A friend passed along a link yesterday about efforts to locate Civil War era cannon reportedly buried at Fort Myer in Arlington, Virginia. The three sites under investigation include the wartime locations of Forts Cass and Whipple.
According to the article, in December contractors used ground penetrating radar to assess potential archeological sites. The effort bore some fruit – “We imaged a large area of 10 by 5 meters in which we saw a pit, and in that surface we saw long linear objects that look like a cannon…”
Reports of the “lost” cannon date back to the mid-1970s. At that time, the Army contracted for a steam pipe laid across Summerall Field. In the excavation process, the team ran across six to eight Civil War-era cannon. A member of the excavation team brought the incident to the attention of historian Kim Holien in 1995.
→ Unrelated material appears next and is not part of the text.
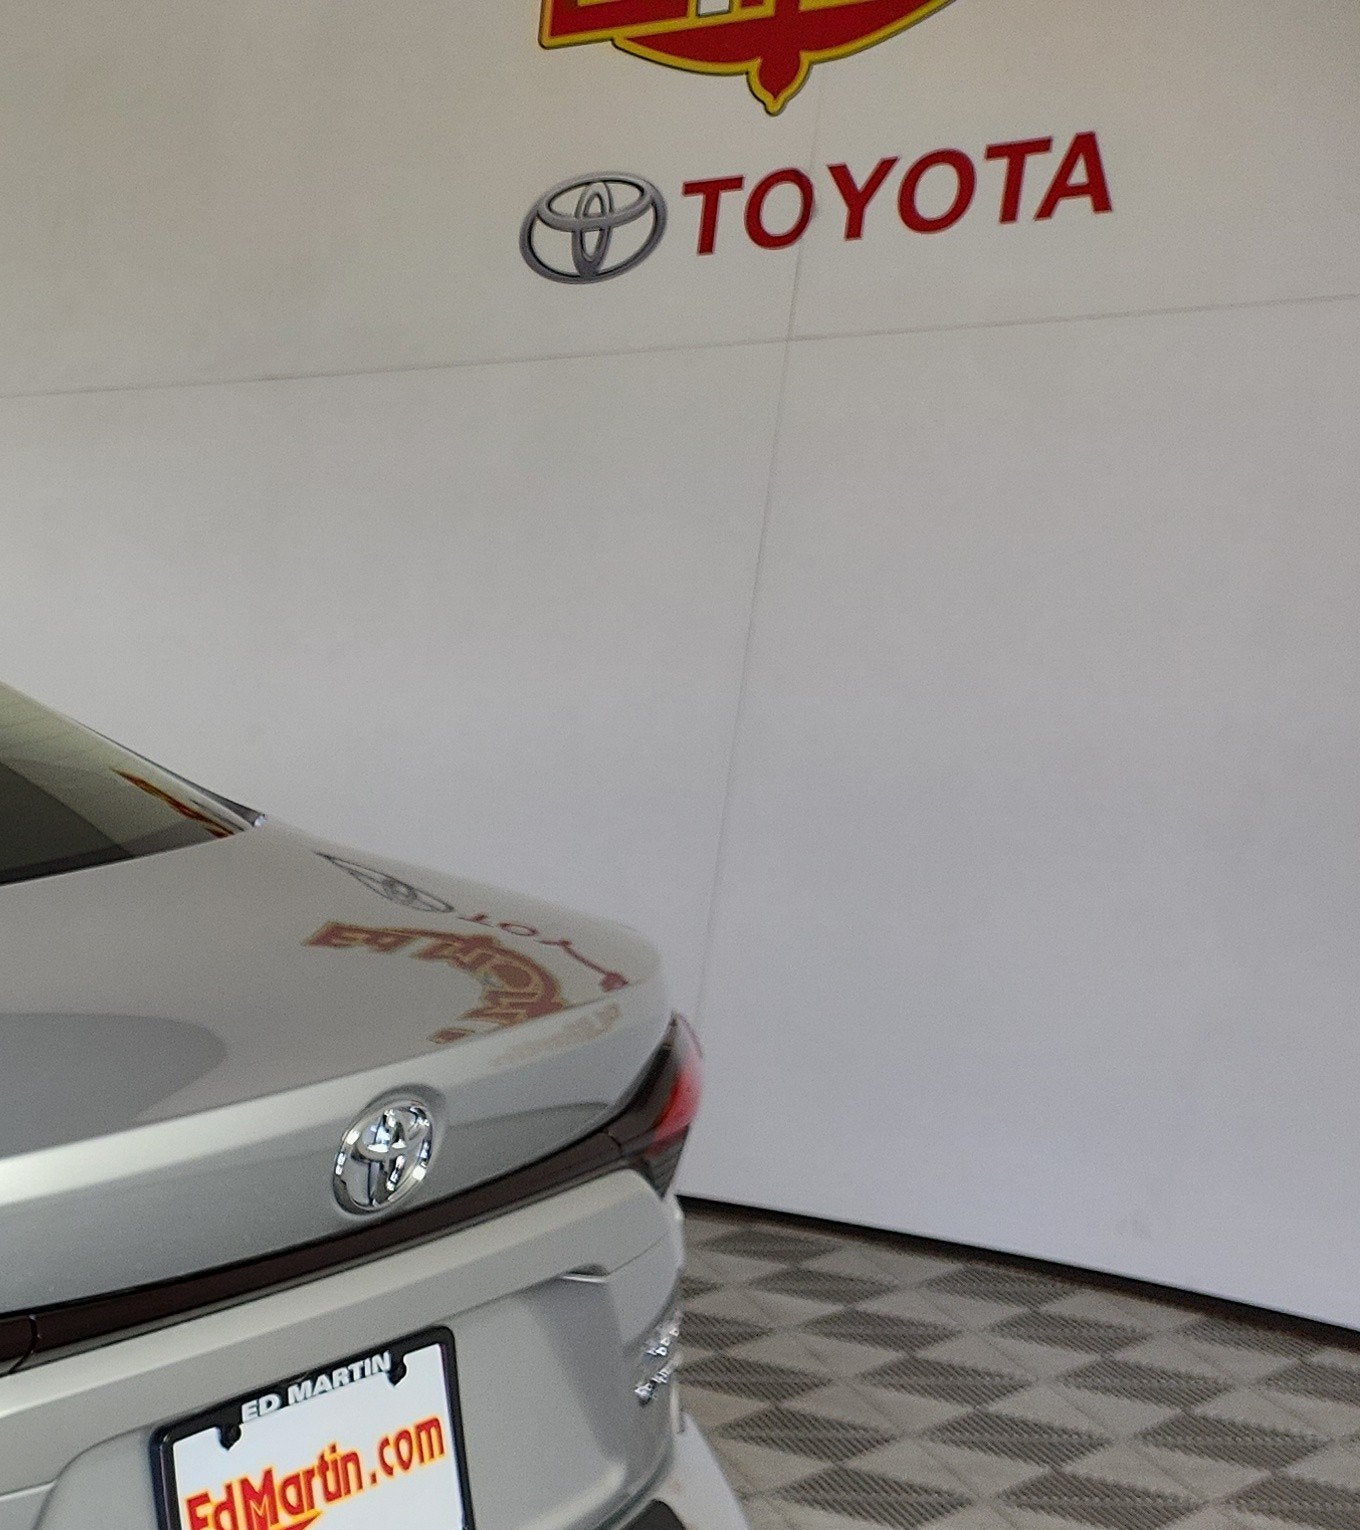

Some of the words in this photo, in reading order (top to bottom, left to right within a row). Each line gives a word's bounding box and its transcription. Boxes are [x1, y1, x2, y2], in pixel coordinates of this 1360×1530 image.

Holien thinks the cannon are linked to General George Patton, who was commander of Fort Myer in the years prior to World War II. In light of the World War I scrap drives in which many historic cannon went to the smelters, Patton may have protected the Fort Myer cannon using unconventional means.
I would add that many interesting pieces at Petersburg National Battlefield today avoided scrapping using similar unconventional means.
The first thoughts are the cannon, if they are there, were part of the wartime Washington defenses. The forts in that sector contained 4.5-inch Siege Rifles and 20-pdr Parrotts as their heaviest guns, in addition to field pieces,24-pdr siege guns, and coehorn mortars. On the other hand, with so many old guns used to commemorate cemeteries, what if these were part of a stockpile of guns waiting distribution as memorials?
Certainly a news story I’ll watch for updates.